45. Lorsque le conflit entre dans la dynamique du déplacement, l'existence ou la restauration de la paix est l'ingrédient le plus fondamental du succès d'une approche réellement globale. L'expérience montre qu'un accord politique global, ou du moins un dénouement de la crise, doit intervenir et que les parties doivent avoir la volonté de coopérer avant que les agents extra-nationaux et extra-régionaux ne prennent de nouvelles mesures. En l'absence d'un engagement total du pays, ou des pays d'origine dans un premier temps, ainsi que de la communauté internationale, une approche globale a peu de chances de réussir.
46. Pour évaluer et assurer l'adéquation des solutions proposées, la communauté internationale doit appuyer la présence constante de mécanismes de suivi. La période de transition peut être plus longue que prévu et l'absence d'un appui constant peut hypothéquer la mise en oeuvre de la solution.

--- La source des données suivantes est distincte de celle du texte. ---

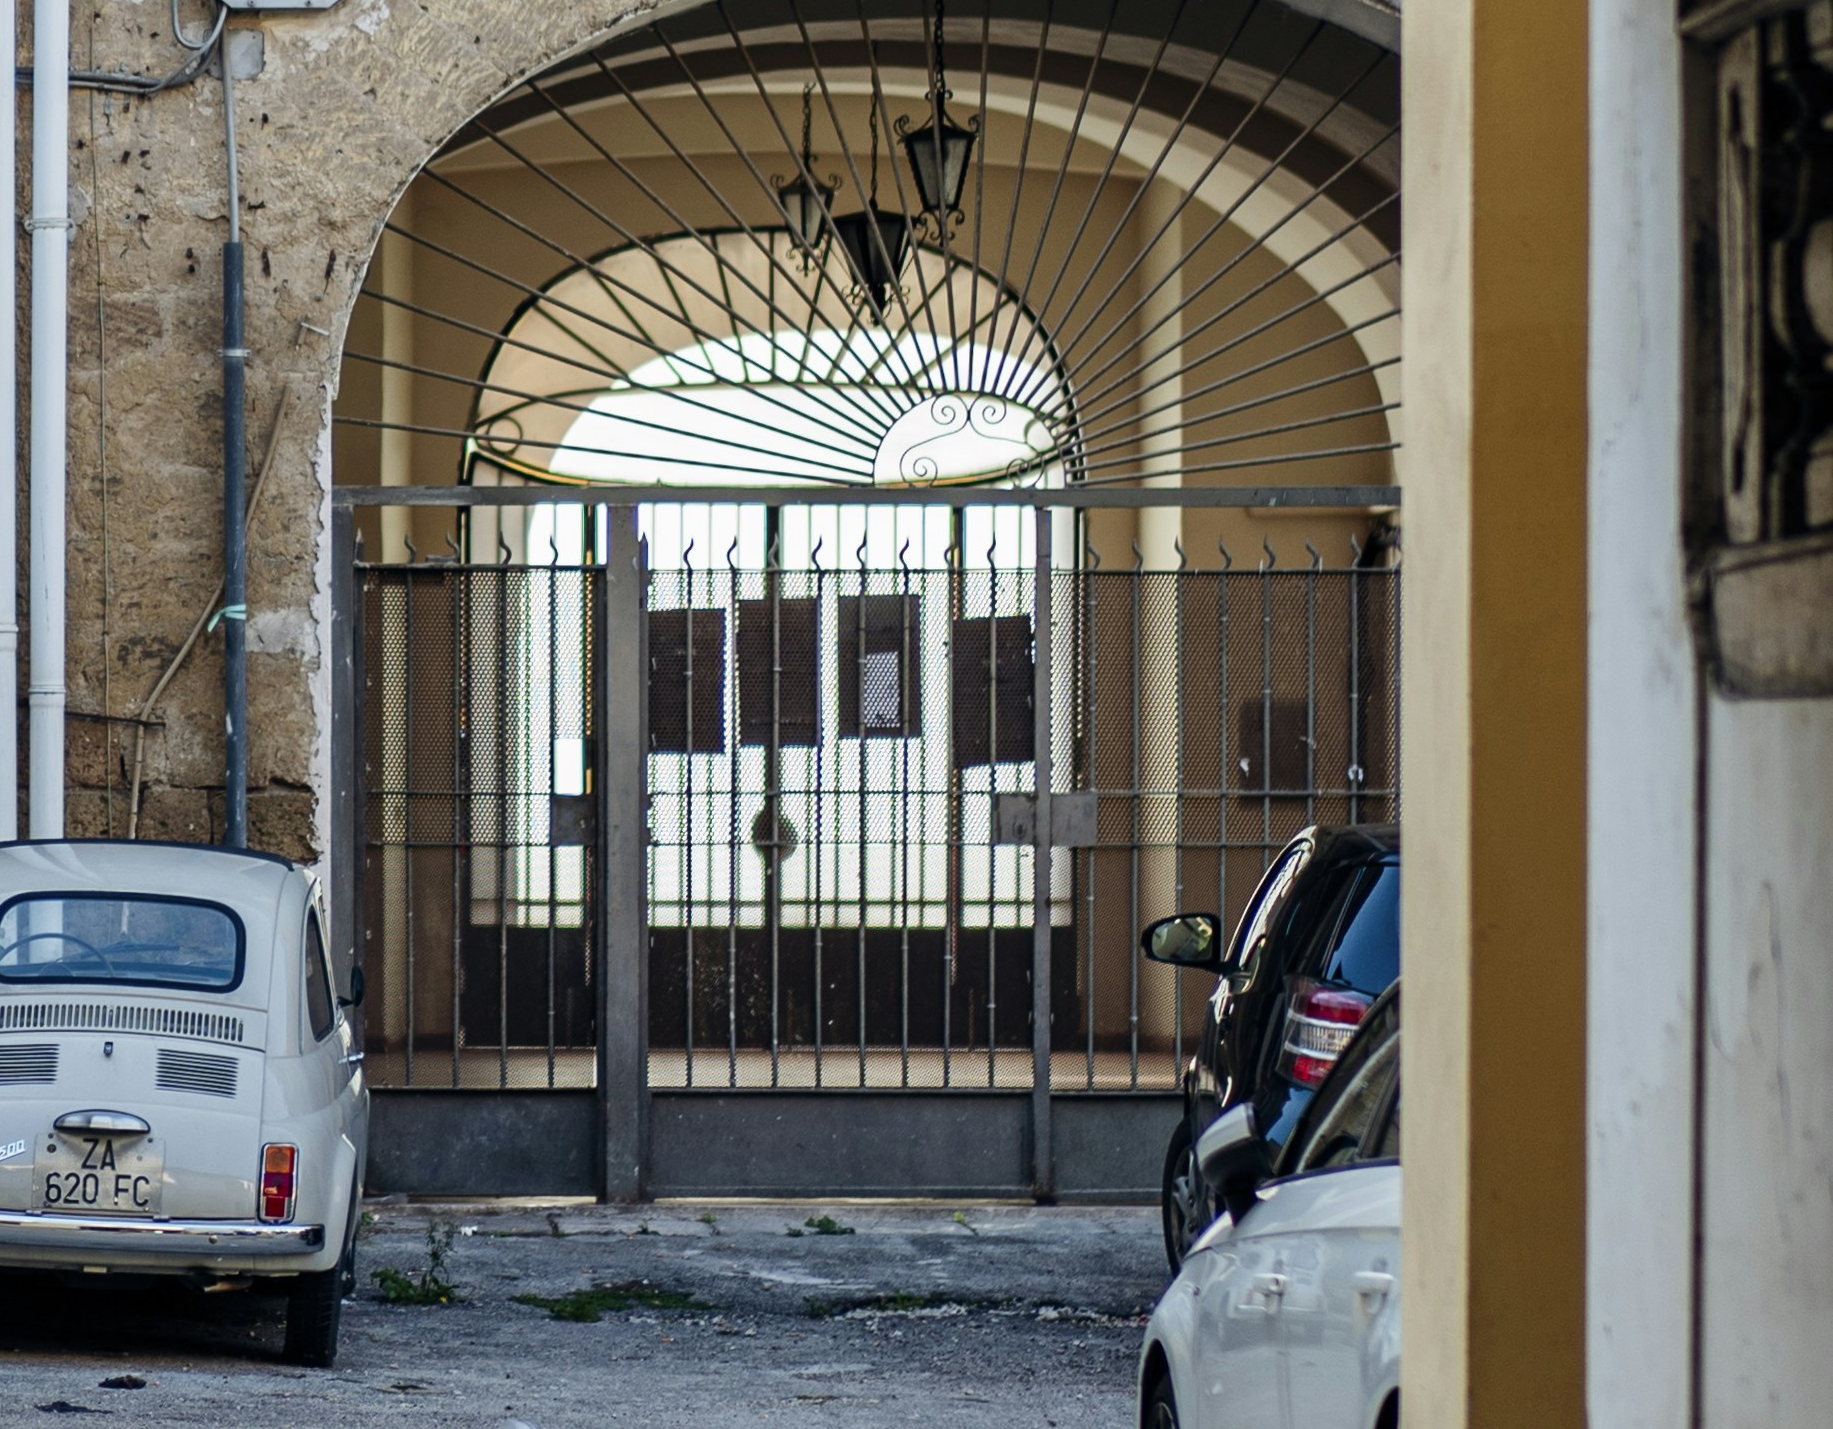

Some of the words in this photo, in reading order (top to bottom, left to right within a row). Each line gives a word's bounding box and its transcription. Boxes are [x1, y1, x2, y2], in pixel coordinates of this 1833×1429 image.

[81, 1138, 116, 1171] ZA
[45, 1171, 99, 1204] 620
[113, 1174, 150, 1207] FC

47. Le Groupe de travail interne du HCR sur la protection internationale créé en 1992, a noté que les approches globales doivent inclure des mesures adéquates pour traiter les aspects politiques, économiques et sociaux du problème des réfugiés. Il a conclu que le HCR devait jouer un rôle créatif et positif dans l'élaboration de réponses globales aux problèmes des réfugiés avec les Etats concernés et les organisations régionales et bilatérales, le cas échéant, afin de veiller à ce que les principes fondamentaux de protection, y compris le droit de quitter son pays et d'y revenir, l'asile, le non-refoulement et la non discrimination soient respectés et que les principes de la responsabilité de l'Etat, de la solidarité internationale du partage de la charge soient acceptés.

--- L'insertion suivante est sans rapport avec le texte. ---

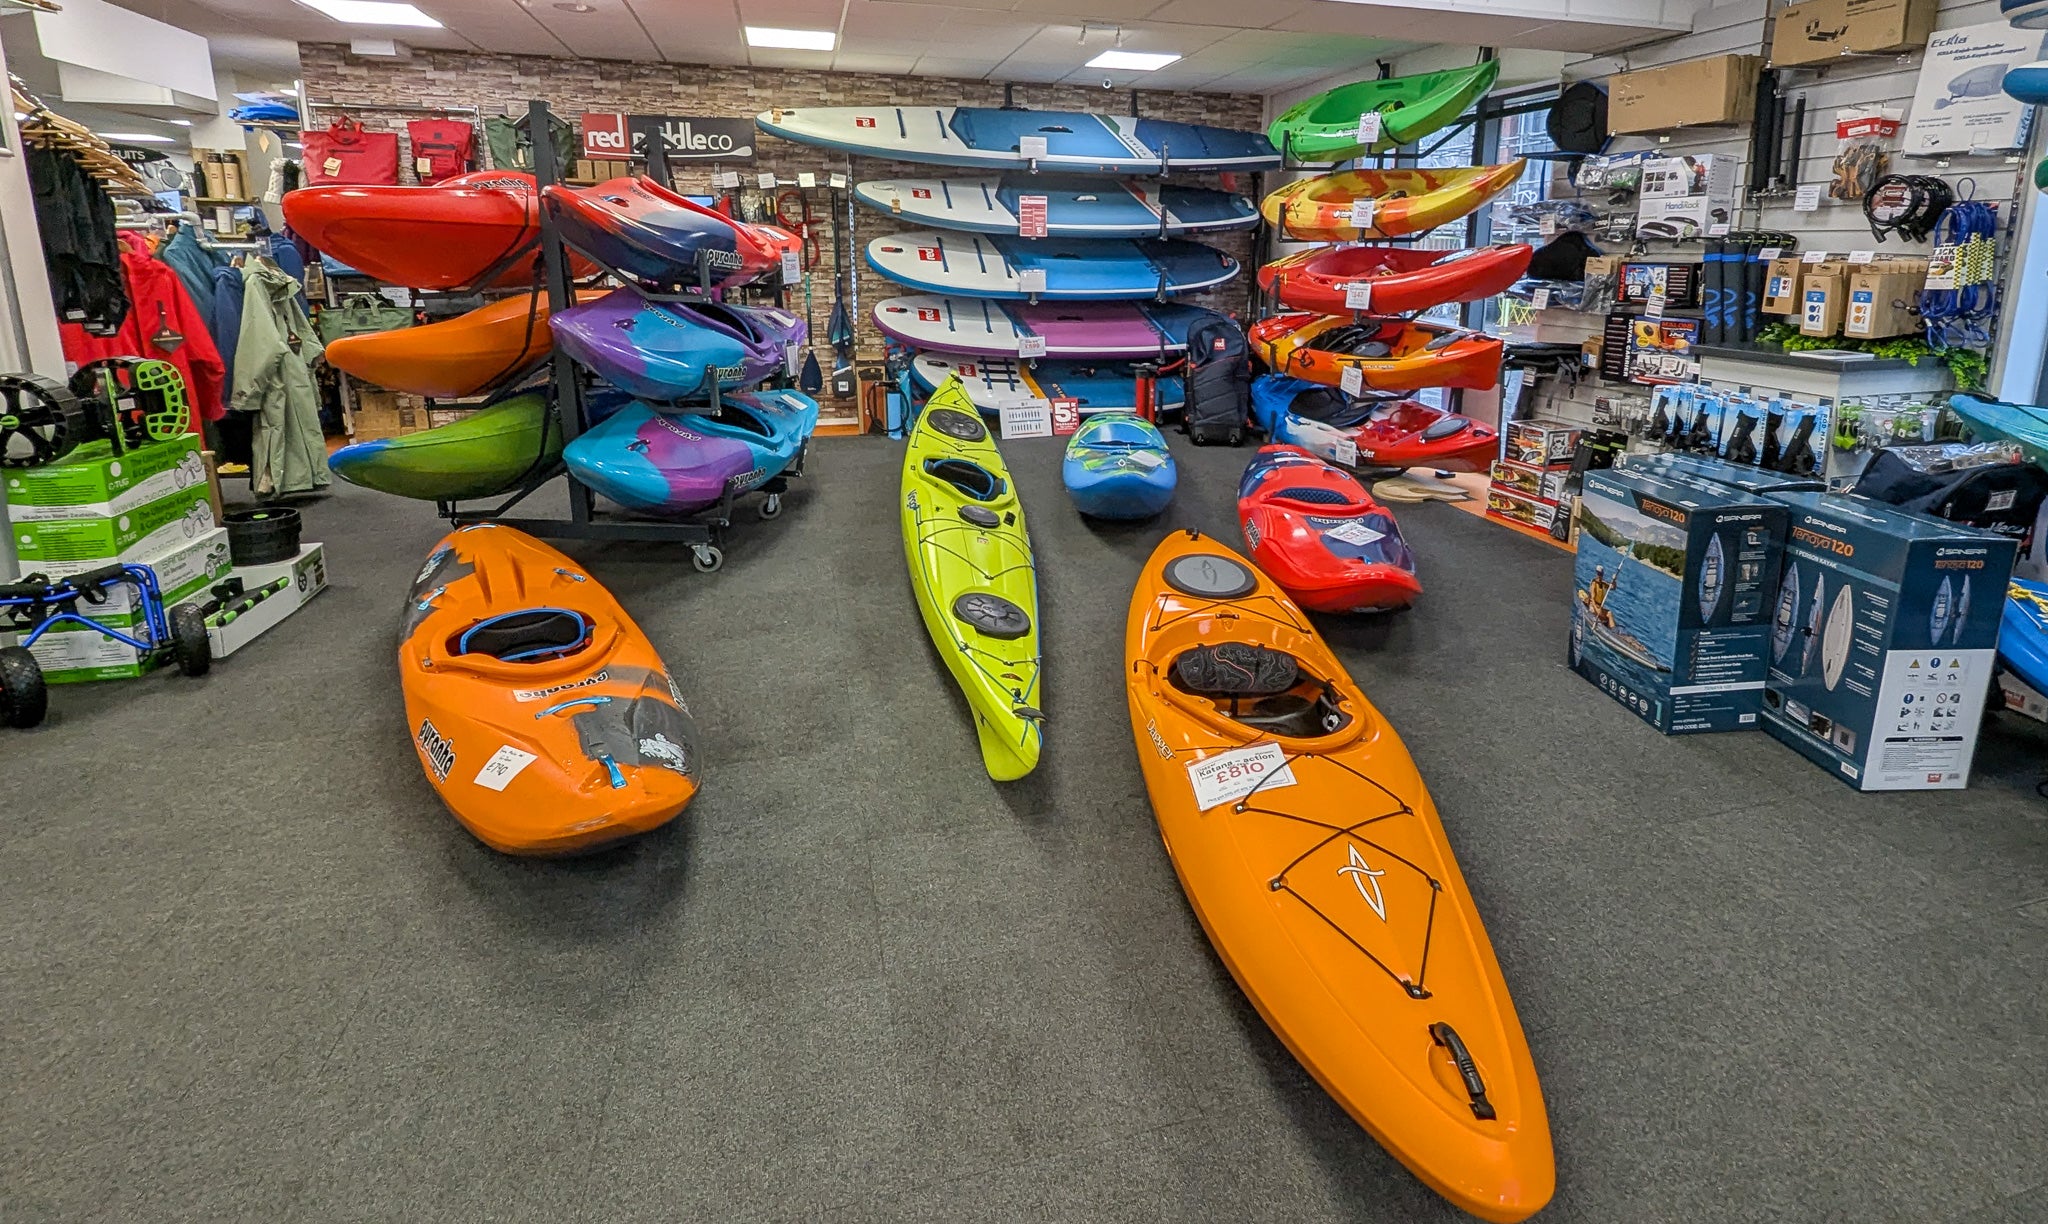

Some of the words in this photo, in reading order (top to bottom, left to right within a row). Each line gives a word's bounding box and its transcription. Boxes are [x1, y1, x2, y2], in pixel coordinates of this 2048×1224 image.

[1931, 34, 1968, 48] Eckla
[588, 114, 625, 148] red
[1665, 201, 1700, 210] HandiRack
[706, 249, 743, 267] pyranha
[1214, 338, 1225, 348] red
[1623, 344, 1632, 377] CARRIER
[1055, 402, 1071, 423] 5
[1594, 482, 1624, 498] SPINERA
[1669, 508, 1685, 523] 120
[1723, 514, 1762, 522] SPINERA
[1811, 519, 1847, 534] SPINERA
[1792, 526, 1832, 550] Tenaya
[1831, 540, 1854, 557] 120
[1799, 550, 1819, 564] PERSON
[1819, 557, 1838, 569] KAYAK
[1967, 560, 1984, 569] 120
[518, 671, 607, 701] pyranha
[418, 718, 456, 776] pyranha
[1146, 718, 1176, 760] Dagger
[1199, 760, 1233, 777] Katana
[1243, 752, 1275, 764] action
[1216, 762, 1265, 784] £810

48. Des leçons précieuses peuvent être tirées des approches globales déjà adoptées. La nécessité de mesures politiques d'anticipation ne saurait être affirmée avec trop de force. Outre l'engagement du ou des pays d'origine, la communauté internationale doit consentir tous les efforts possibles et montrer sa volonté politique de parvenir à des règlements pacifiques. Le fait que les exodes ont souvent été composés d'un mélange de réfugiés et de personnes déplacées à l'intérieur du territoire, et parfois de migrants, signifie que la réponse doit se pencher sur tout l'éventail de ces facteurs. Dans la mesure où bon nombre de ces facteurs sont profondément enracinés et ont longtemps défié la sagesse collective et la volonté politique de la communauté internationale dans son ensemble, le succès d'une approche globale ne peut être garanti mais les réussites en vigueur, pour modestes et imparfaites qu'elles soient, attestent la valeur de l'effort. Un degré élevé de coordination, ainsi qu'un appui pratique substantiel seront requis. Enfin, les efforts qui ont été combinés aux mesures de prévention, aux mesures de protection et aux solutions requièrent des mécanismes de suivi pour continuer sur l'élan. Sans elles, le cycle du déplacement sera réamorcé.